## Data to process
☆ ☆ ☆ ☆ ☆
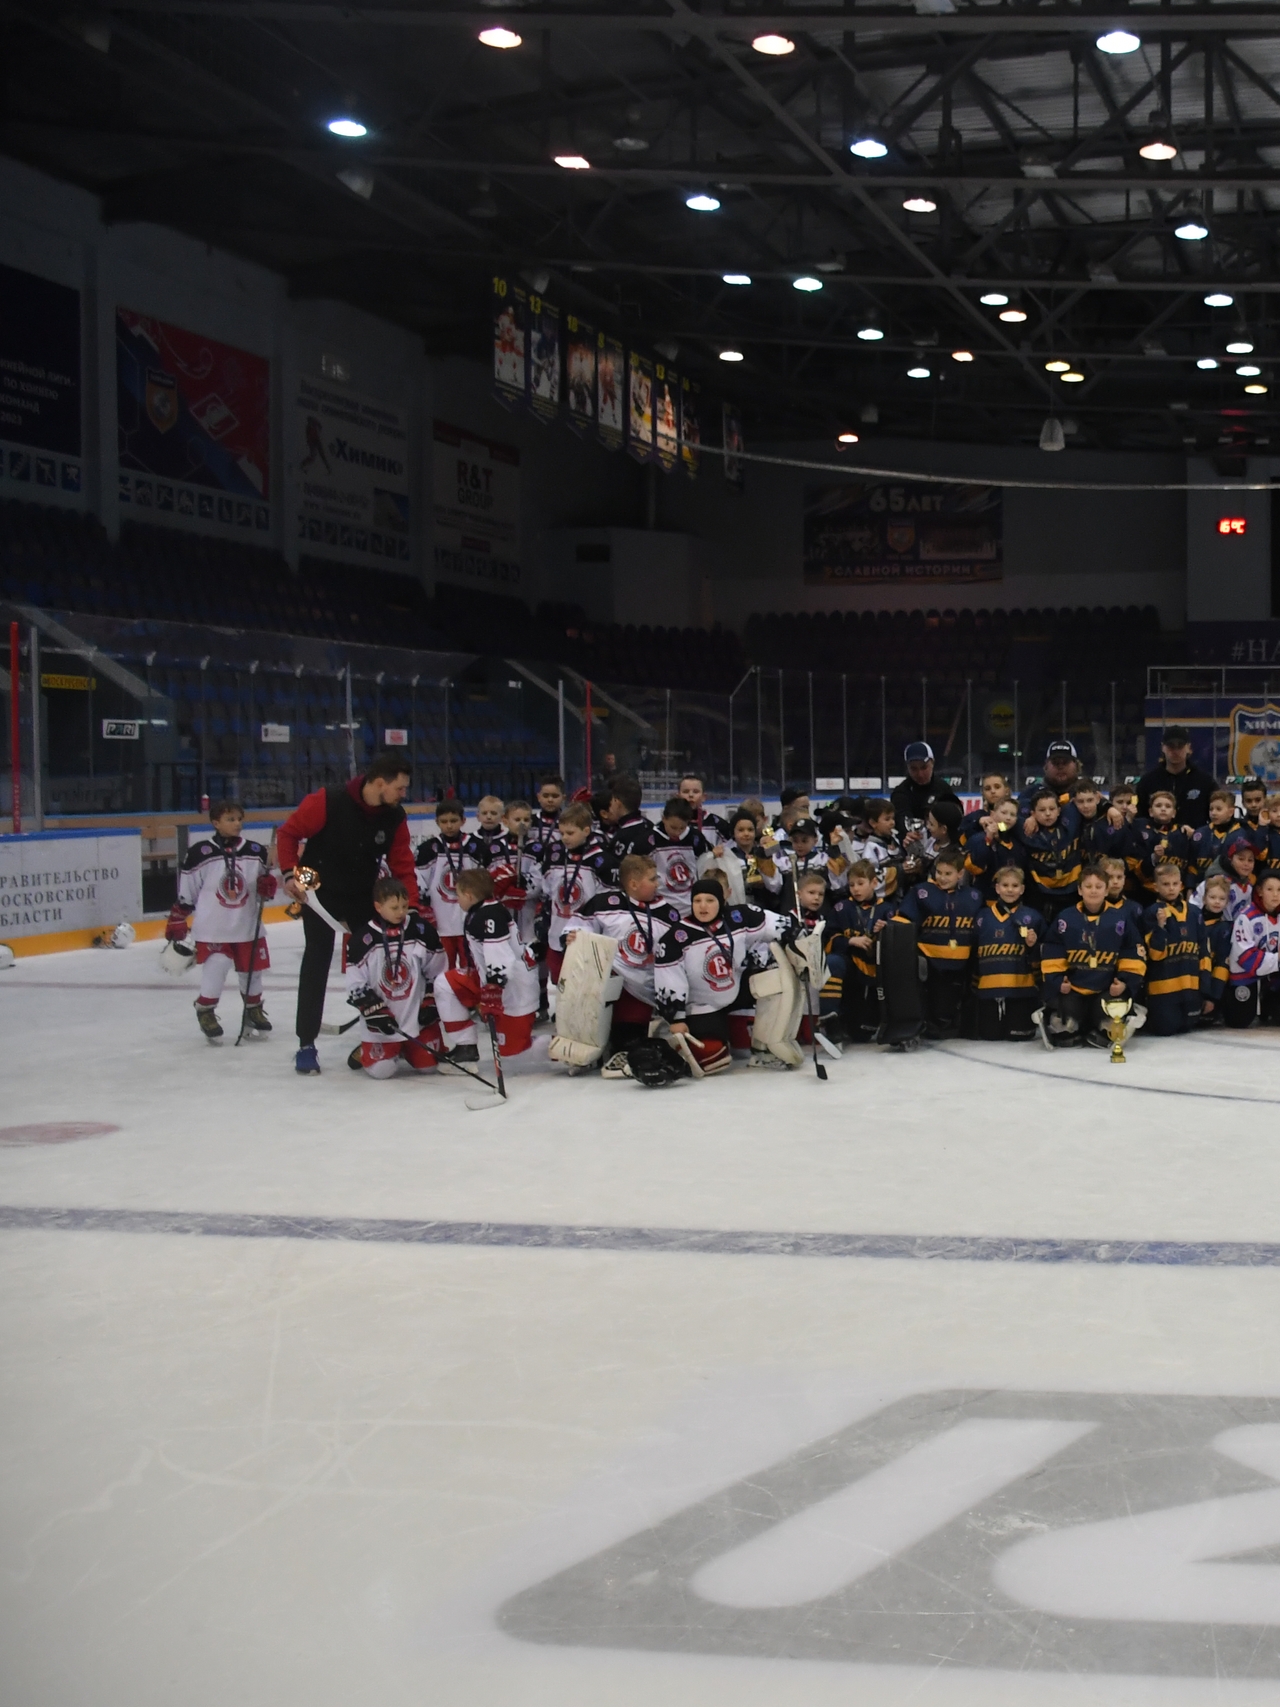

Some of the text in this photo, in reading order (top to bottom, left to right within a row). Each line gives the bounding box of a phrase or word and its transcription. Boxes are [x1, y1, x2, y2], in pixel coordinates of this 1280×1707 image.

[457, 459, 493, 493] R&T
[457, 487, 494, 511] GROUP
[869, 487, 905, 512] 65
[834, 563, 971, 577] СЛАВНОЙ ИСТОРИИ
[1226, 776, 1257, 784] PARI
[0, 867, 120, 889] РАВИТЕЛЬСТВО
[1, 884, 97, 907] ОСКОВСКОЙ
[0, 908, 63, 927] БЛАСТИ
☆ ☆ ☆ ☆ ☆
## Work to complete
Copy out the material above exactly; the images stay out.

## The answer
Some of the text in this photo, in reading order (top to bottom, left to right within a row). Each line gives the bounding box of a phrase or word and its transcription. Boxes are [x1, y1, x2, y2], in pixel coordinates of this 1280×1707 image.

[457, 459, 493, 493] R&T
[457, 487, 494, 511] GROUP
[869, 487, 905, 512] 65
[834, 563, 971, 577] СЛАВНОЙ ИСТОРИИ
[1226, 776, 1257, 784] PARI
[0, 867, 120, 889] РАВИТЕЛЬСТВО
[1, 884, 97, 907] ОСКОВСКОЙ
[0, 908, 63, 927] БЛАСТИ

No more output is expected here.